L’attesa quindi fa riferimento a un’attività interiore, a un interesse; rappresenta la figura del desiderio che tiene desta la persona, la rende attenta, pronta. Per questo strettamente legata a essa sta la vigilanza, quell’«atteggiamento umano-spirituale di lucidità, di sobrietà, di attenzione alla storia, alla vita, all’oggi, agli altri; è passione per il Signore e rigetto degli idoli, è presenza a se stessi e attenzione alla presenza del Signore che viene incontro all’uomo in queste umanissime realtà» (L. Manicardi).

Nel tempo dell’Avvento siamo richiamati con insistenza a quello che rappresenta il cuore della vita cristiana: vivere attendendo il Signore che viene, vigilare perché la sua venuta non ci sorprenda come un ladro nella notte, ma ci allieti come quella dell’ospite a lungo atteso e finalmente accolto.
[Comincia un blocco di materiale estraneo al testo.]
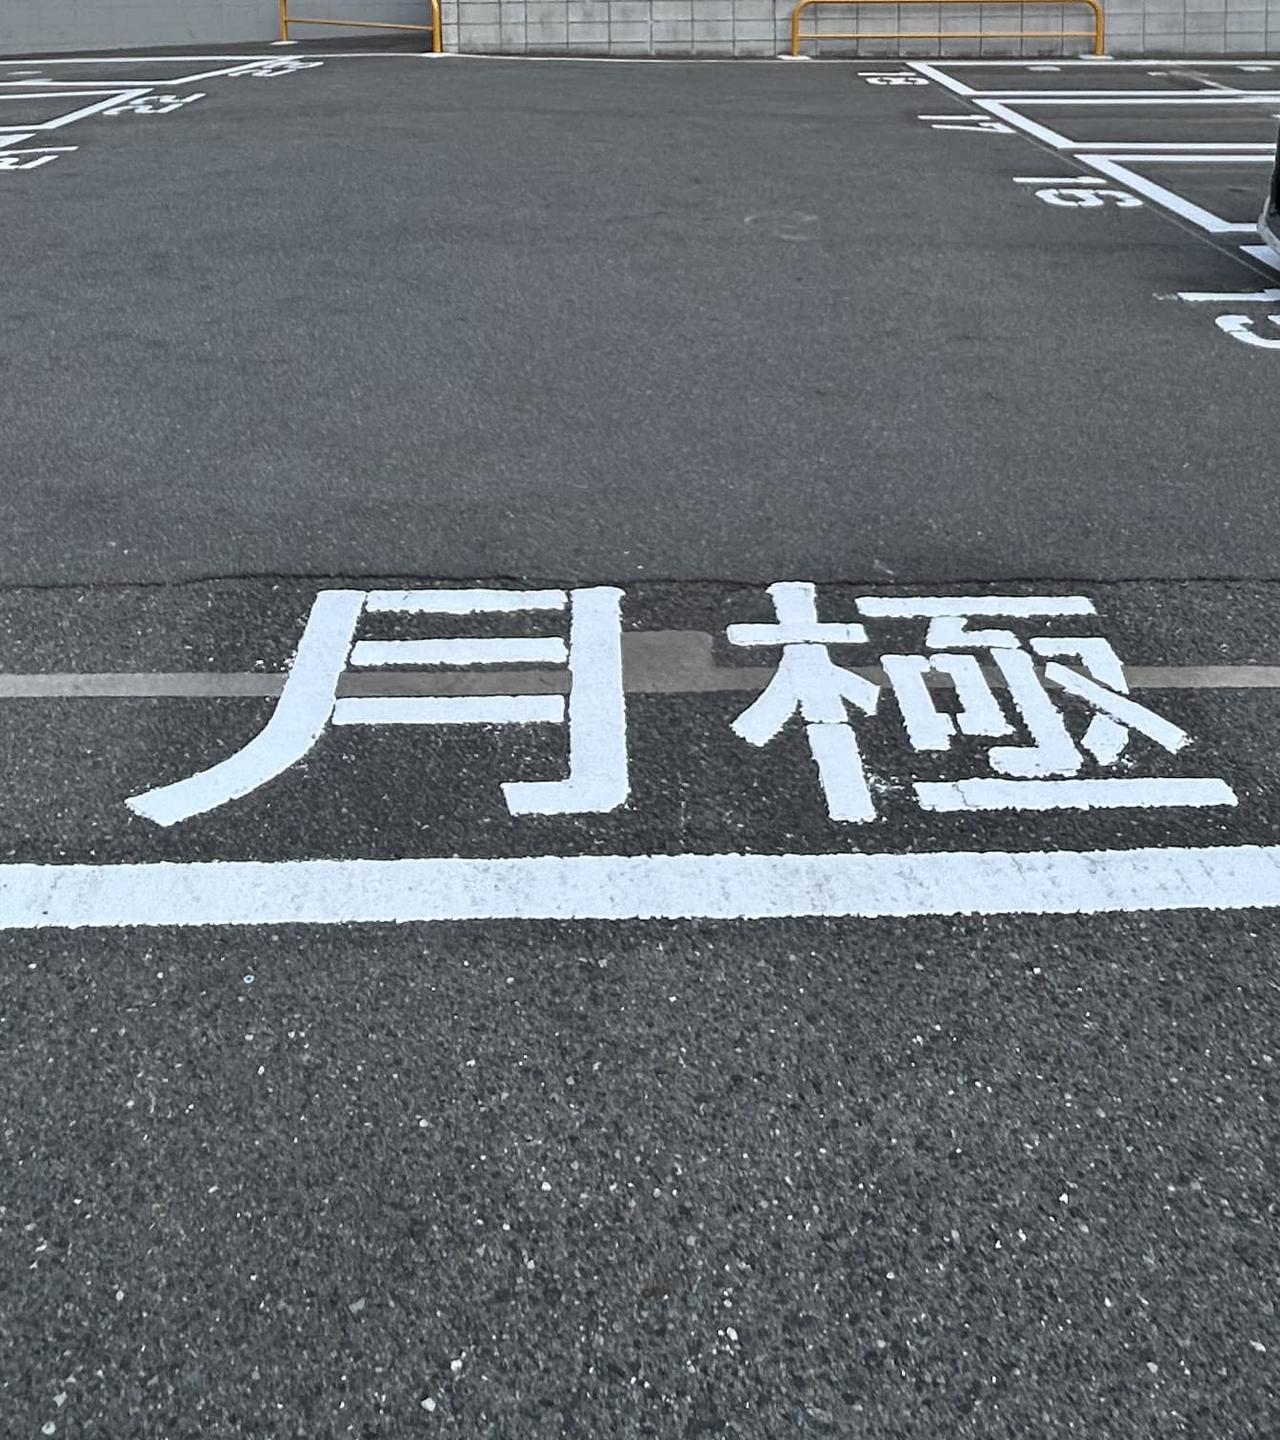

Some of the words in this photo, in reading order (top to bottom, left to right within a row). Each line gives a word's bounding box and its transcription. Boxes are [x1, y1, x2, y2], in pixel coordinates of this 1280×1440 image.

[857, 71, 930, 86] 18
[917, 114, 1017, 134] 17
[1012, 175, 1144, 208] 16
[123, 580, 1241, 827] 月極
Il tempo dell’Avvento ci è donato ogni anno perché «infiammiamo i nostri cuori con l’amore e il desiderio di Cristo», il tempo in cui «dobbiamo pensare a quanto cose buone ha fatto il Signore nostro nella sua prima venuta e a quelle che ancor più grandi farà nella seconda e con tale pensiero dobbiamo amare la sua prima venuta e desiderare molto la seconda» (Aelredo di Rievaux).